(Collected data)
------
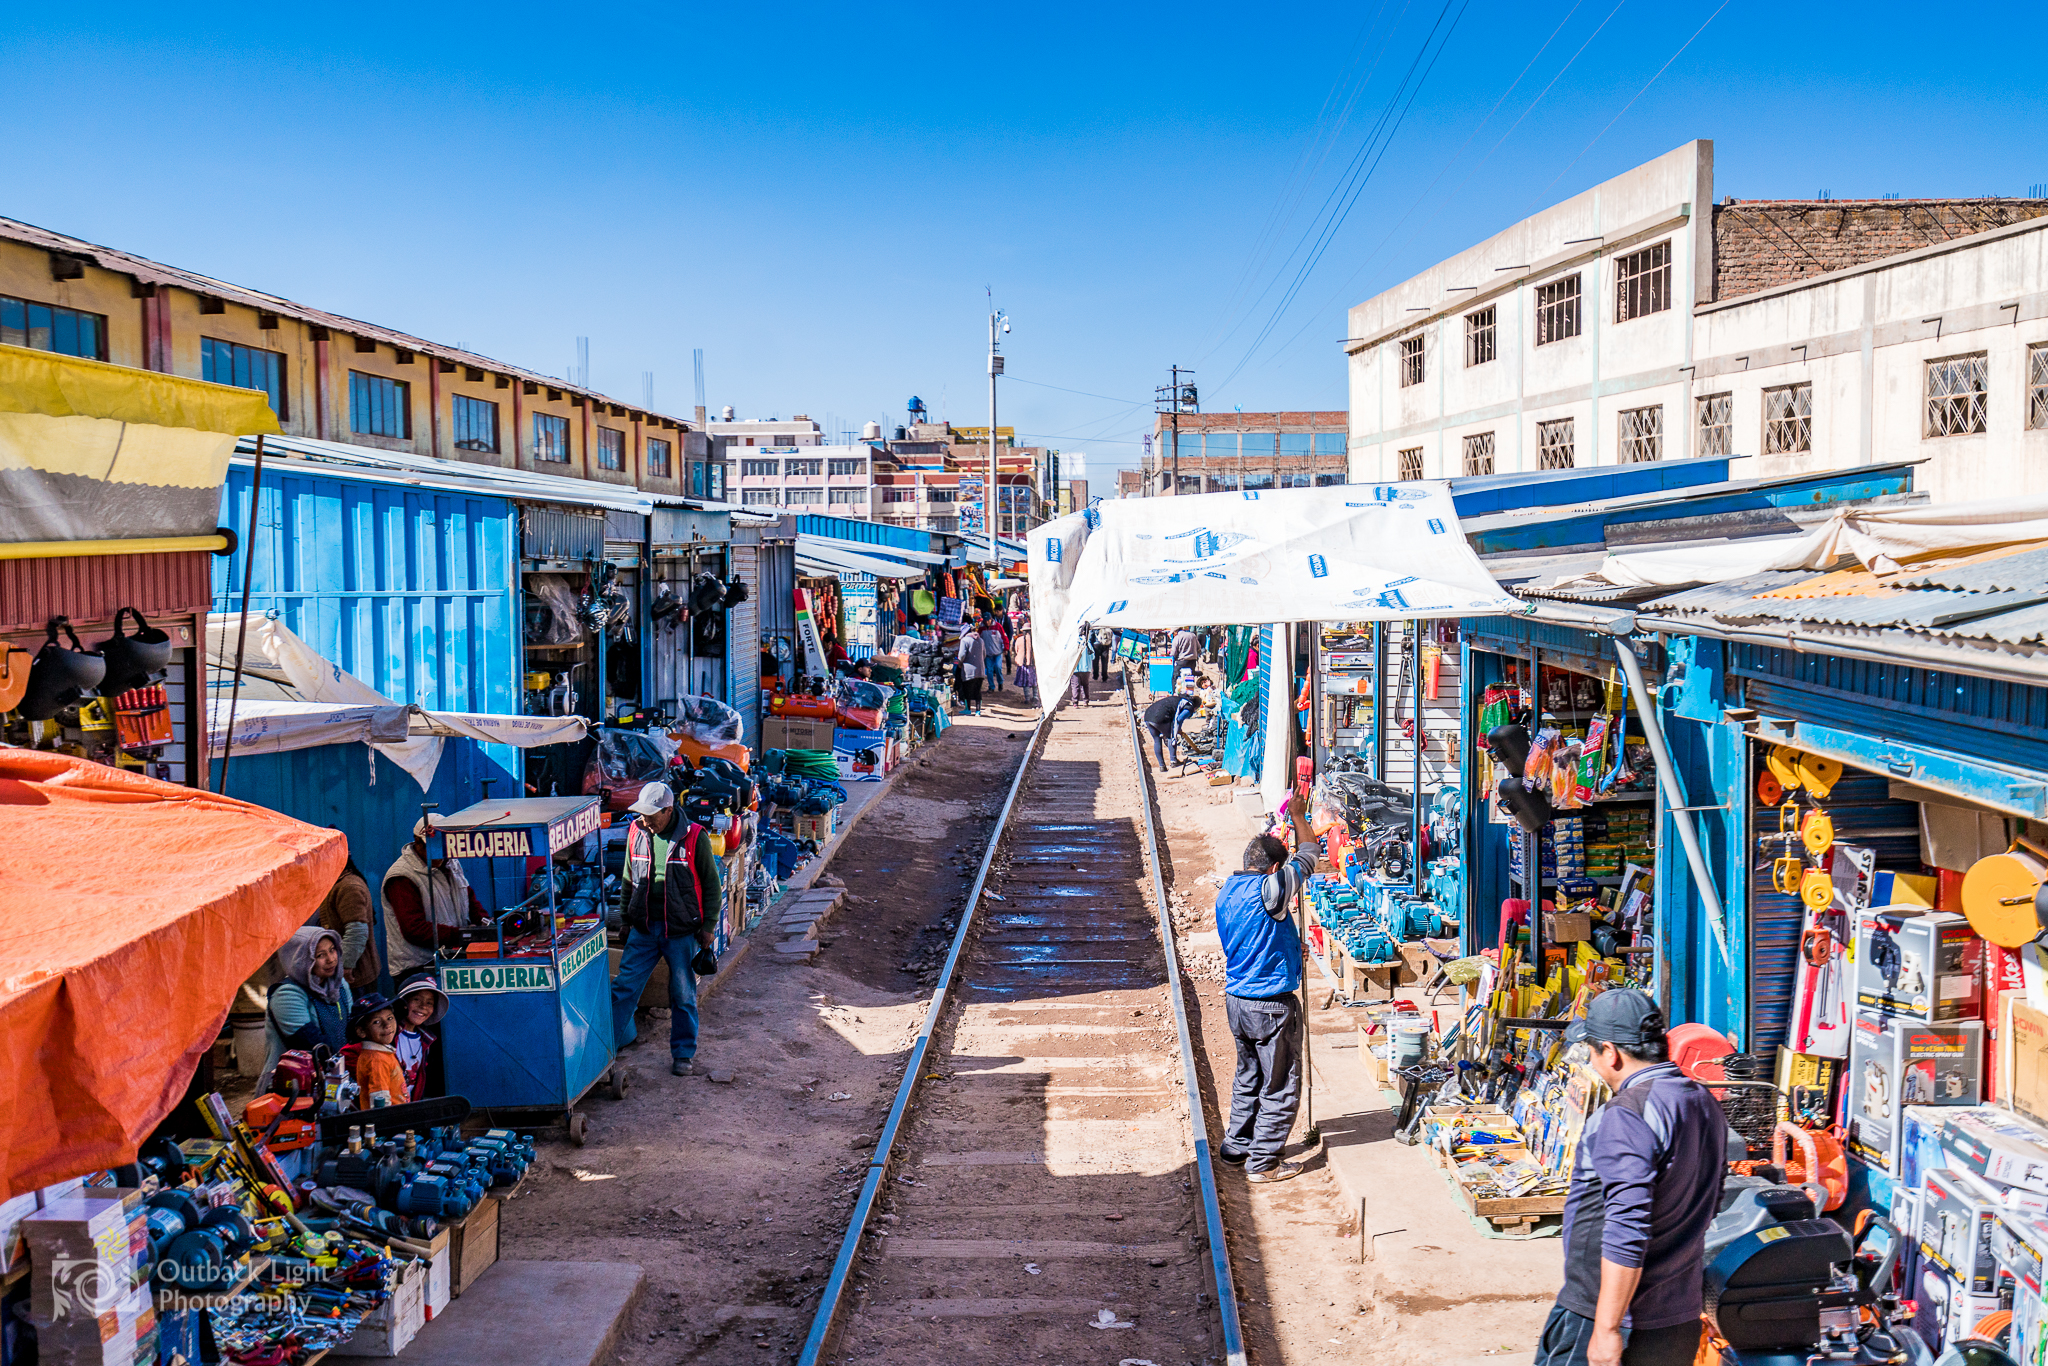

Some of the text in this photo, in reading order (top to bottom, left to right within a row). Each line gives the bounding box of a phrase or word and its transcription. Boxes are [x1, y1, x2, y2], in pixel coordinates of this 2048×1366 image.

[802, 623, 816, 654] FORTE
[789, 727, 814, 735] MITOSHI
[549, 804, 602, 855] RELOJERIA
[446, 831, 531, 858] RELOJERIA
[561, 932, 605, 980] RELOJERIA
[446, 967, 550, 989] RELOJERIA
[1910, 1034, 1968, 1045] CROWN
[2020, 1201, 2043, 1209] CROWN
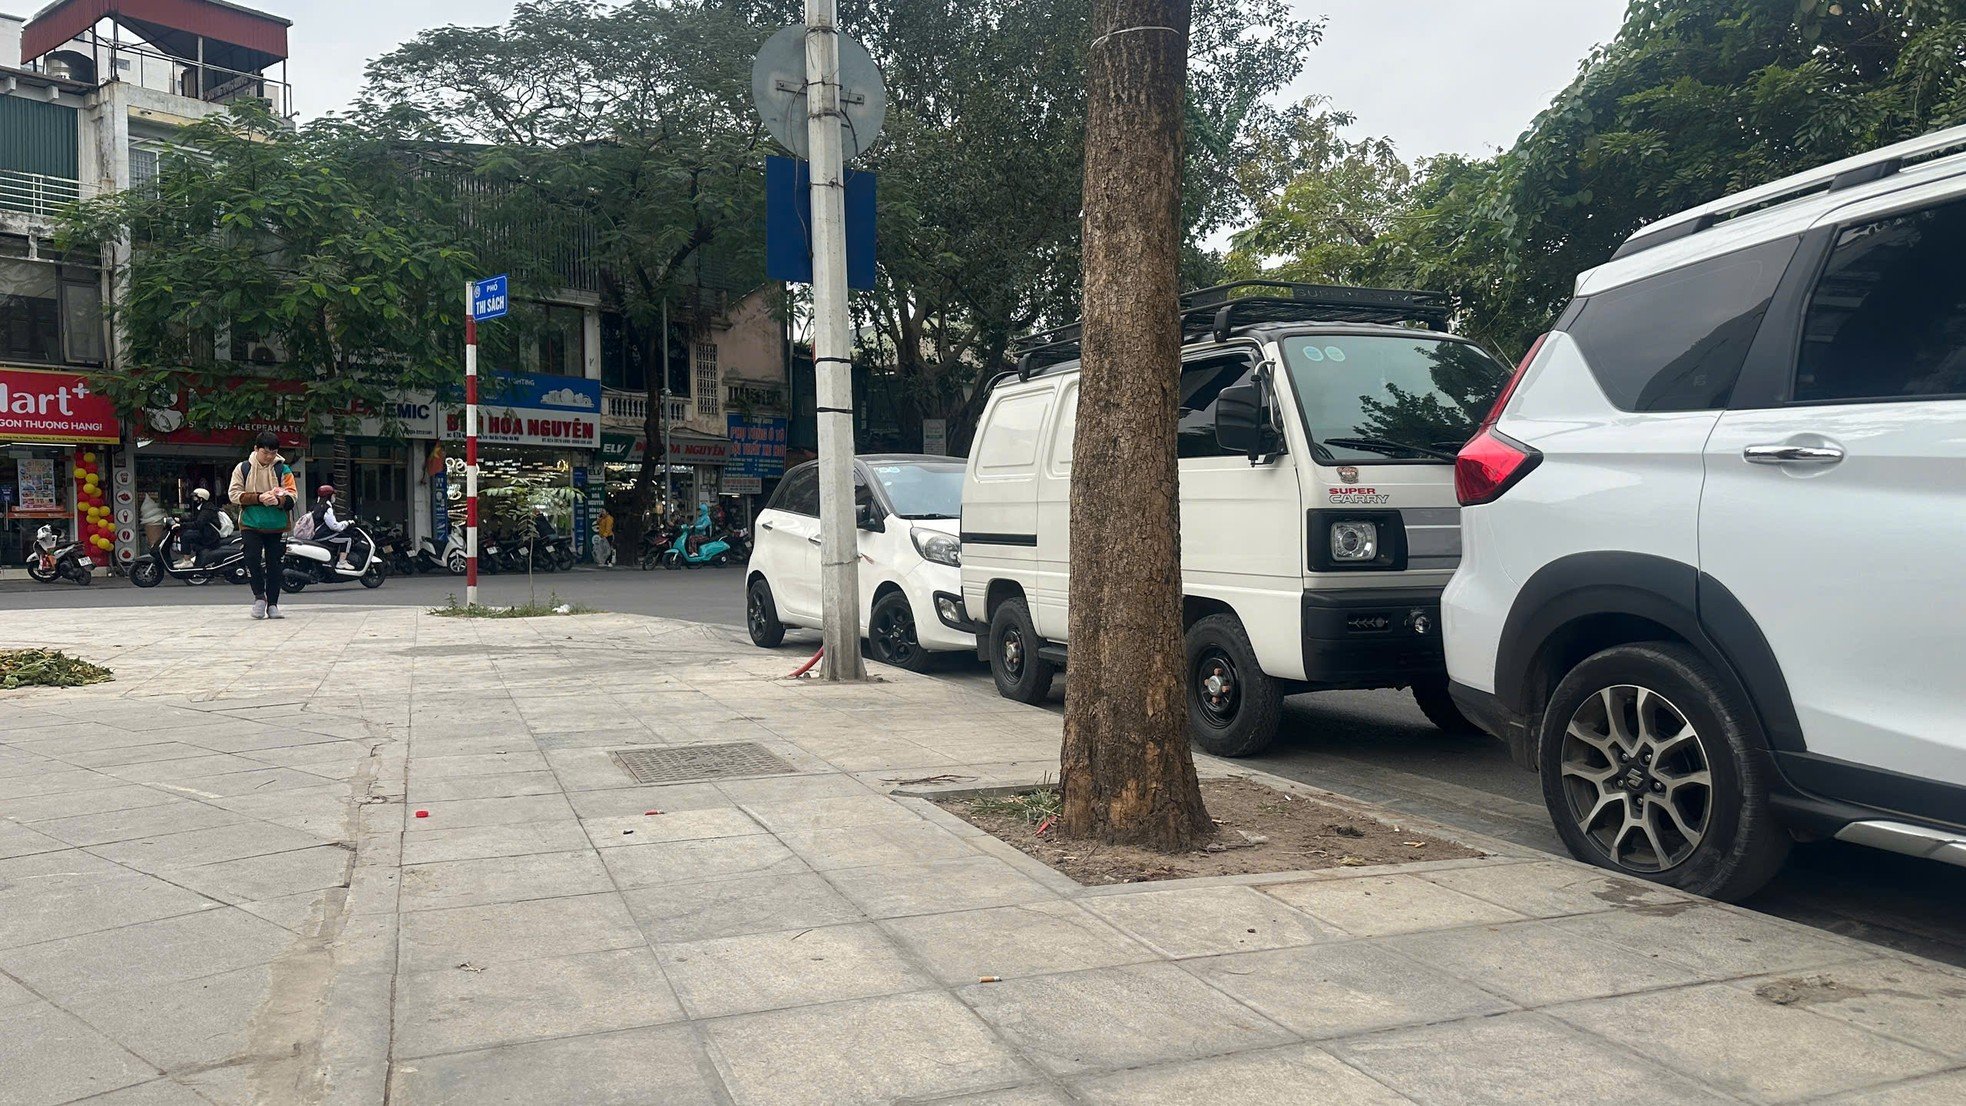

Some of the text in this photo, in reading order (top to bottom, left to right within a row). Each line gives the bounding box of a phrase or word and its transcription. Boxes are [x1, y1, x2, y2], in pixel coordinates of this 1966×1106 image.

[486, 280, 498, 292] PHỐ
[476, 294, 505, 315] THI SÁCH
[527, 417, 594, 440] NGUYÊN
[603, 443, 626, 453] ELV
[1328, 495, 1390, 504] CARRY
------
▶ _Work instruction_
Output only a verbatim copy of the lines spanning from the line that contains "this 1966×1106 image." to the end of the records above.

▶ _Response area_
Some of the text in this photo, in reading order (top to bottom, left to right within a row). Each line gives the bounding box of a phrase or word and its transcription. Boxes are [x1, y1, x2, y2], in pixel coordinates of this 1966×1106 image.

[486, 280, 498, 292] PHỐ
[476, 294, 505, 315] THI SÁCH
[527, 417, 594, 440] NGUYÊN
[603, 443, 626, 453] ELV
[1328, 495, 1390, 504] CARRY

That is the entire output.